Anthropologie, the lifestyle retailer created for educated and affluent women between the ages of 30 and 45, has debuted a new, expanded collection of plus-sized clothing under the APlus by Anthropologie category.

The collection, which incorporates many of Anthropologie’s popular brands, including Maeve, Pilcro, et al, expands the sizes available at the chain to include 16W to 26W. Previously, Anthropologie offered sizing from 00P – 14P and 00 – 16. The retailer added petite sizes in the fall of 2012.

“Our goal is to be a destination for everyone wanting to express their personal style and to feel like their best selves,” said Richa Srivastava, managing director, design for Anthropologie, in a statement. “At launch, we’ll offer a great range of options and an exceptional shopping experience. We’ll evolve both as we move forward, adding more styles and locations as we learn from customer feedback.”

The APlus category will include more than 120 styles and will initially be available in 10 of the chain’s stores and on its website. The chain, which is part of the URBN group, currently operates 226 stores in the U.S., Canada and Europe.

Anthropologie joins a growing number of retailers that are adding plus-size clothing in stores and online. Last fall, Walmart acquired Eloquii, which began as part of L Brands in 2011 before being bought by a group of employees and an investor in 2014. The consumer-direct brand specializes in fashionable clothing for women sizes 14 and higher.

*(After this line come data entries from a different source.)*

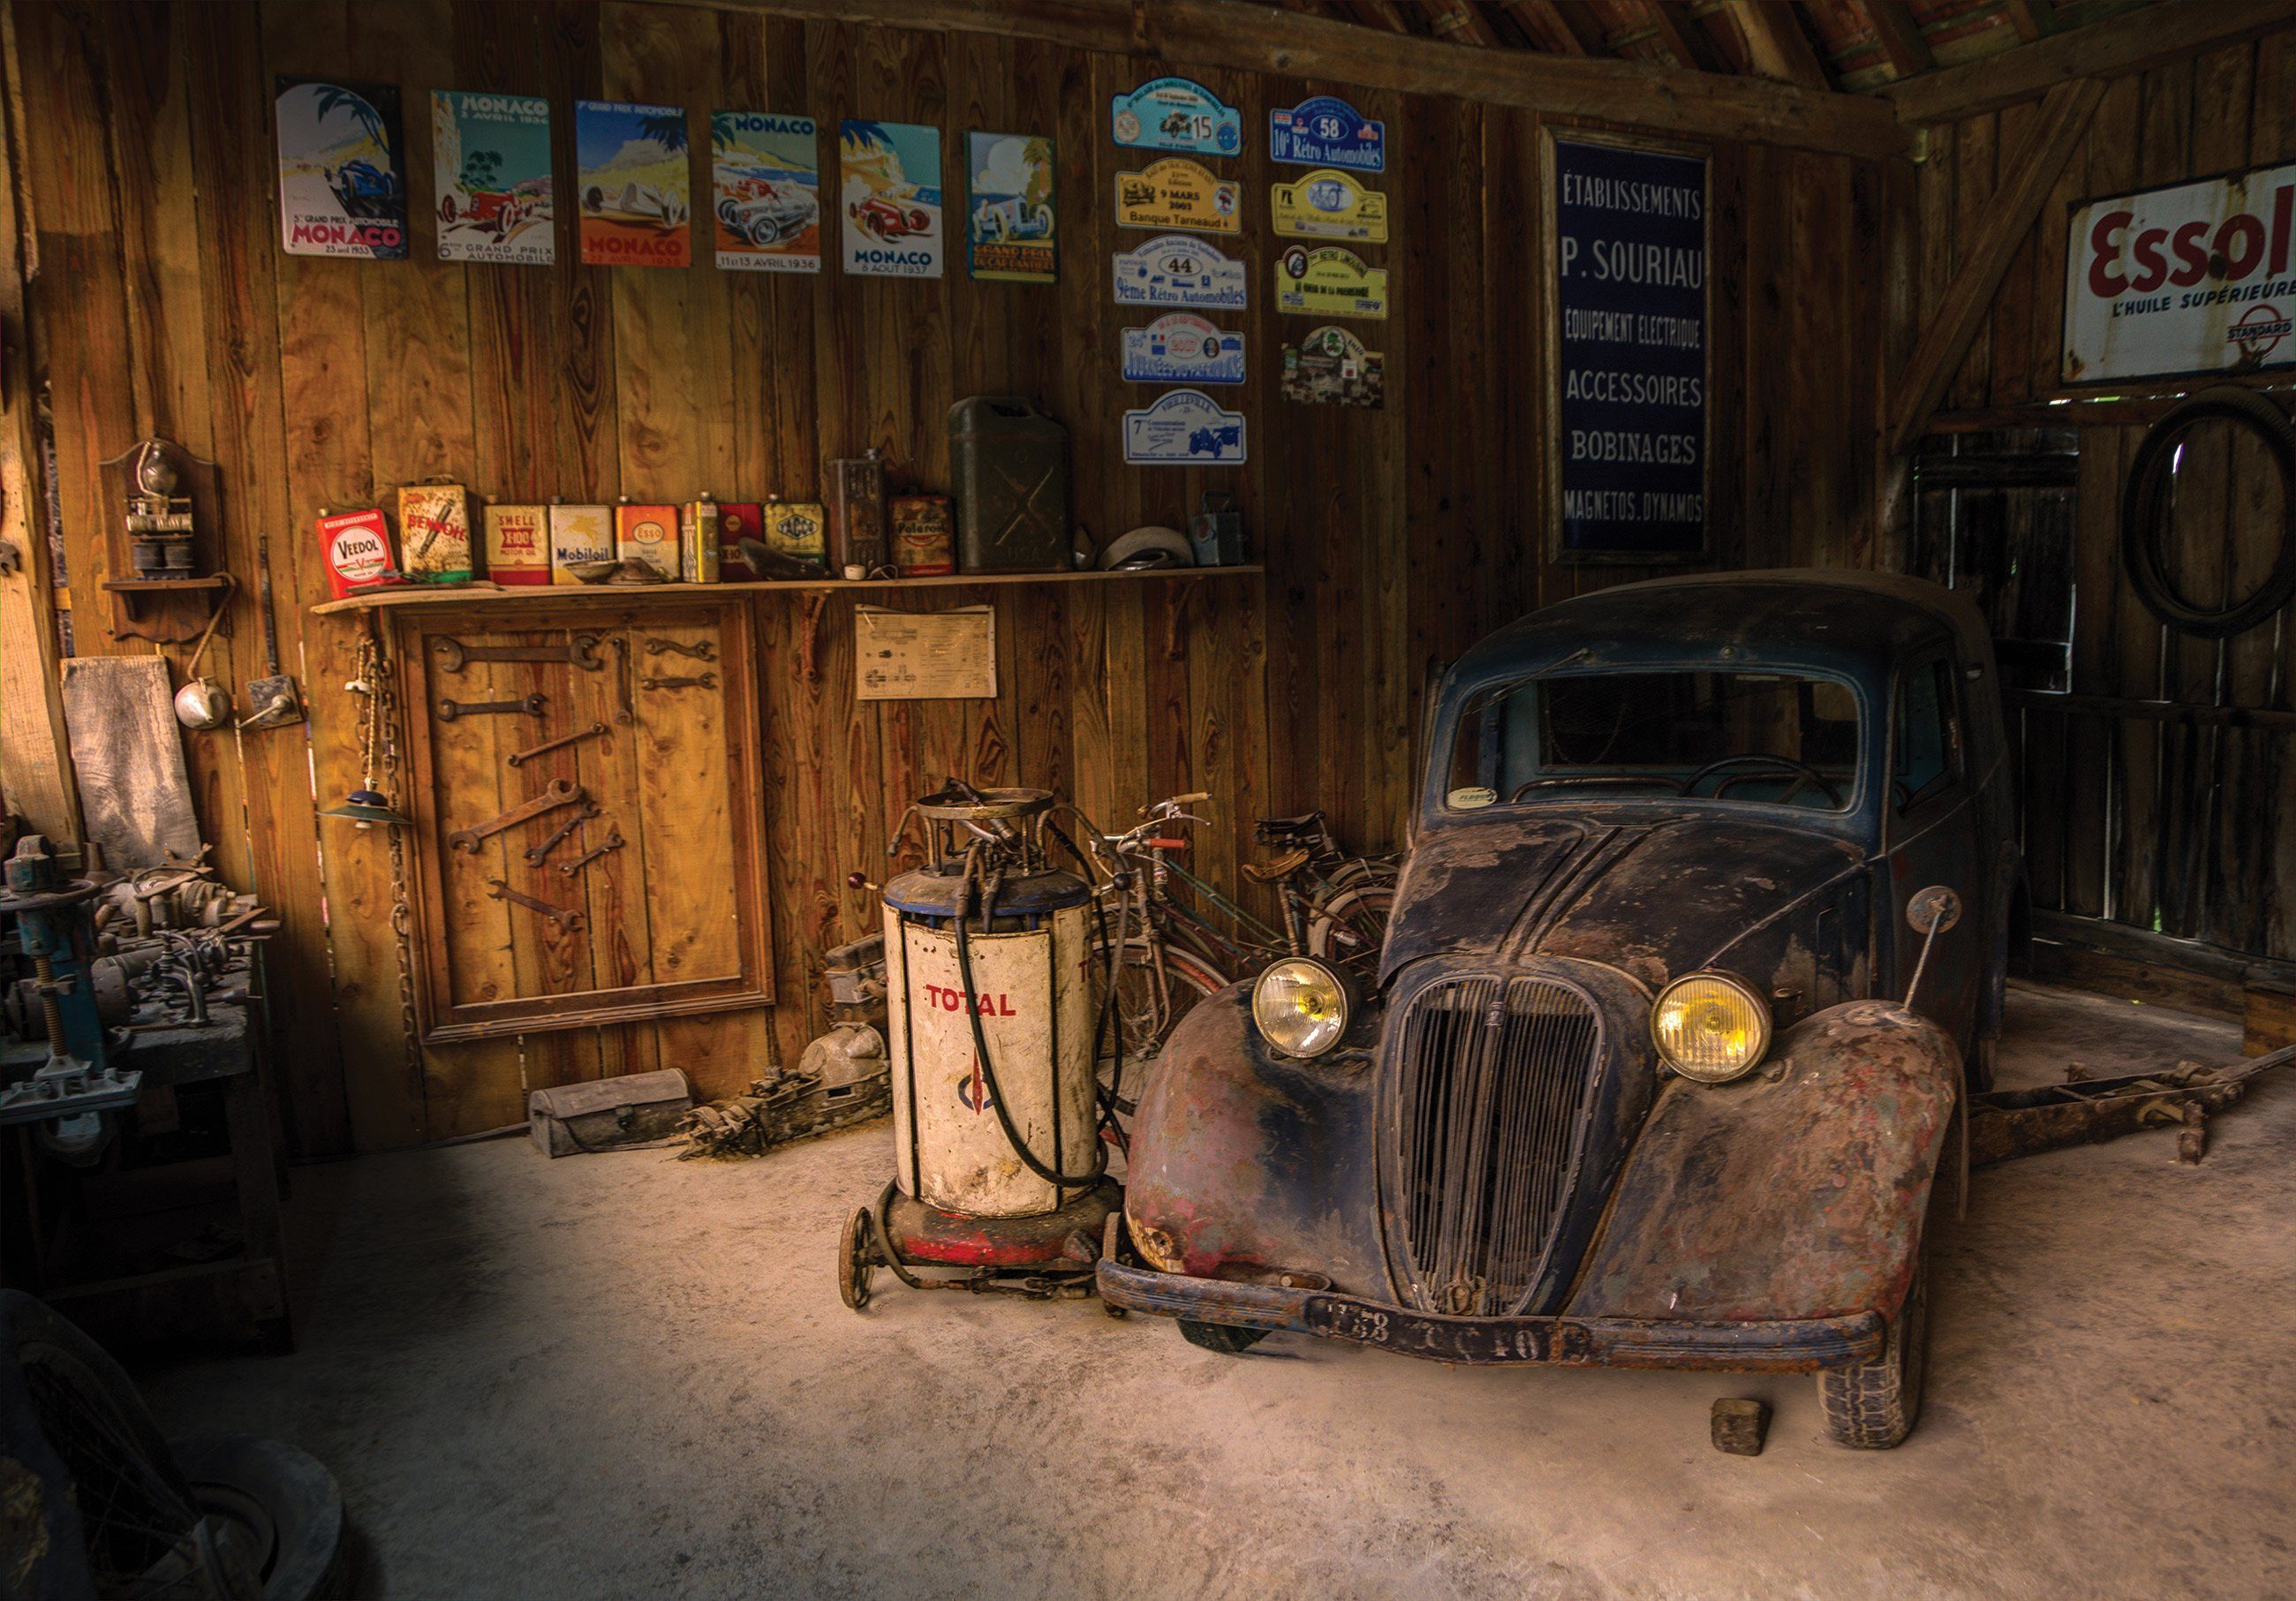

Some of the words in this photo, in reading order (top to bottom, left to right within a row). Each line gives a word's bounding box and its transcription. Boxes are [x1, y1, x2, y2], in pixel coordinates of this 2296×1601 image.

[462, 95, 549, 116] MONACO
[472, 112, 515, 123] AVRIL
[735, 116, 814, 135] MONACO
[1194, 116, 1212, 139] 15
[1320, 117, 1340, 138] 58
[1293, 134, 1321, 160] Rétro
[1324, 141, 1381, 167] Automobiles
[1170, 190, 1200, 200] MARS
[1563, 169, 1701, 220] ÉTABLISSEMENTS
[305, 215, 329, 223] GRAND
[331, 215, 347, 224] PRIX
[1130, 211, 1170, 225] Banque
[1174, 214, 1221, 227] Tarneaud
[291, 223, 402, 247] MONACO
[466, 243, 512, 253] GRAND
[519, 245, 553, 255] PRIX
[588, 236, 683, 256] MONACO
[467, 253, 553, 263] AUTOMOBILE
[609, 254, 643, 264] AVRIL
[720, 256, 729, 266] 11
[740, 256, 751, 267] 13
[753, 258, 787, 268] AVRIL
[789, 258, 815, 268] 1936
[855, 248, 933, 266] MONACO
[1169, 257, 1192, 274] 44
[1592, 238, 1703, 290] SOURIAU
[903, 265, 927, 275] 1937
[1150, 284, 1178, 301] Rétro
[1182, 284, 1245, 305] Automobiles
[2113, 296, 2171, 318] L'HUILE
[2179, 278, 2296, 310] SUPÉRIEURE
[1565, 305, 1634, 343] ÉQUIPEMENT
[2228, 321, 2292, 340] STANDARD
[1567, 368, 1703, 407] ACCESSOIRES
[1571, 429, 1696, 465] BOBINAGES
[498, 515, 536, 526] SHELL
[505, 531, 530, 545] X-100
[337, 540, 379, 559] VEEDOL
[557, 548, 609, 561] Mobiloil

Today, more than 68 percent of American women wear sizes 14 and up, according to Plunkett Research. The plus-size market currently stands at about $21 billion with annual growth of 4.1 percent since 2015, according to Marketdata.

DISCUSSION QUESTIONS: Why aren’t more apparel retailers that serve women offering clothing size options that better mirror the population? Do you think those retailers expanding plus-size selections are taking the right steps to succeed in the category?

Please practice The RetailWire Golden Rule when submitting your comments.
Braintrust
"I like the idea of serving the plus-size market, but 10 stores is too few for a chain with 225 stores."
"It’s a sorrow of my life, really. Very hard to find cool looking clothes unless I’m into rhinestones and large animal prints."
"I’m in Las Vegas this week. The selection of animal prints WITH rhinestones is truly amazing. Especially in sizes 14 and up."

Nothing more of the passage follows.